THE PREVALENCE AND EFFECTS OF OCCUPATIONAL LICENSING
February 27, 2009
In "The Prevalence and Effects of Occupational Licensing," authors Morris Kleiner and Alan Krueger use newly available data from a nationally representative sample of Americans surveyed by the Gallup Organization to analyze the influence of occupational licensing in the labor market.
To determine if a worker is in a licensed position, their survey asked: "Does your job require a license by a federal, state, or local government agency?"
- The authors find that 29 percent of the workforce was required to hold a license in 2006, which is a higher percentage than that found in other studies that rely only on state-level occupational licensing data or data restricted to single states.

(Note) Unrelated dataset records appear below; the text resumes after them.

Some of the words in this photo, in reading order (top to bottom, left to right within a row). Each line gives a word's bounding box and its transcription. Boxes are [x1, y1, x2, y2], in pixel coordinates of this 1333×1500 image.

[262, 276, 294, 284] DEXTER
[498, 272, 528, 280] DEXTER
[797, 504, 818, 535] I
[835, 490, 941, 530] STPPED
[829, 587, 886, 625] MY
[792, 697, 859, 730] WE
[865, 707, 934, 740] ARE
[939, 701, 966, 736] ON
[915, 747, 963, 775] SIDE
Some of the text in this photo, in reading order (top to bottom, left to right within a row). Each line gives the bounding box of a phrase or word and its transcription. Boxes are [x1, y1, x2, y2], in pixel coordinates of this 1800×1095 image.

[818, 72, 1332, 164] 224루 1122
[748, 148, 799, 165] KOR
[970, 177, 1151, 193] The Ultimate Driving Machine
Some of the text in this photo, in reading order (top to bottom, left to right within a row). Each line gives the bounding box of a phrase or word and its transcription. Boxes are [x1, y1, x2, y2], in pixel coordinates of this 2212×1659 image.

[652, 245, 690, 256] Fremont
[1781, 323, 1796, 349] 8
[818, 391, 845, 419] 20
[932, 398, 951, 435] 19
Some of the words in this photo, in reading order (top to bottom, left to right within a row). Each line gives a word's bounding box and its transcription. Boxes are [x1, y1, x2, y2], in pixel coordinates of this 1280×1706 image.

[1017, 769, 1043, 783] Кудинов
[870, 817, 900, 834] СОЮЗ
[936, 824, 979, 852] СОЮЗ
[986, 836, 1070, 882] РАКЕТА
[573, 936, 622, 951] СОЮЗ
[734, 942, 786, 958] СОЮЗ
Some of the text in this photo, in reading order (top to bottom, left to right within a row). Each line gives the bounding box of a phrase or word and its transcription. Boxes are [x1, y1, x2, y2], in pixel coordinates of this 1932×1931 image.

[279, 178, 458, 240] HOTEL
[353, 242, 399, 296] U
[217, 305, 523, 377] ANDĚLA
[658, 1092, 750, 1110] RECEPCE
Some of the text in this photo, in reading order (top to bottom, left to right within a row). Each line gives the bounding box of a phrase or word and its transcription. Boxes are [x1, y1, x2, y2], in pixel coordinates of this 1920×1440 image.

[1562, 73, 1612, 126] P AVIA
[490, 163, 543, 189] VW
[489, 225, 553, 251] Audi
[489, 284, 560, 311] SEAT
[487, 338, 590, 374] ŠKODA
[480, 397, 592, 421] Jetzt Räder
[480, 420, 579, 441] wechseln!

- Workers who have higher levels of education are more likely to work in jobs that require a license.
- Union workers and government employees are more likely to have a license requirement than are nonunion or private sector employees.
The authors suggest that working in a licensed job is associated with about 15 percent higher wages, other things being equal -- about the same as estimates for the effect of unions. However, unlike unions, which reduce the variance in wages, licensing does not significantly affect wage dispersion for individuals in licensed jobs.
If these results hold up to further scrutiny, then occupational licensing would turn out to be a more consequential phenomenon for determining income than labor unions, given the prevalence of licensing.
Source: Lester Picker, "The Prevalence and Effects of Occupation Licensing, NBER Digest, February 2009; based upon: Morris M. Kleiner and Alan B. Krueger, "The Prevalence and Effects of Occupation Licensing, National Bureau of Economic Research, Working Paper No. 14308, September 2008.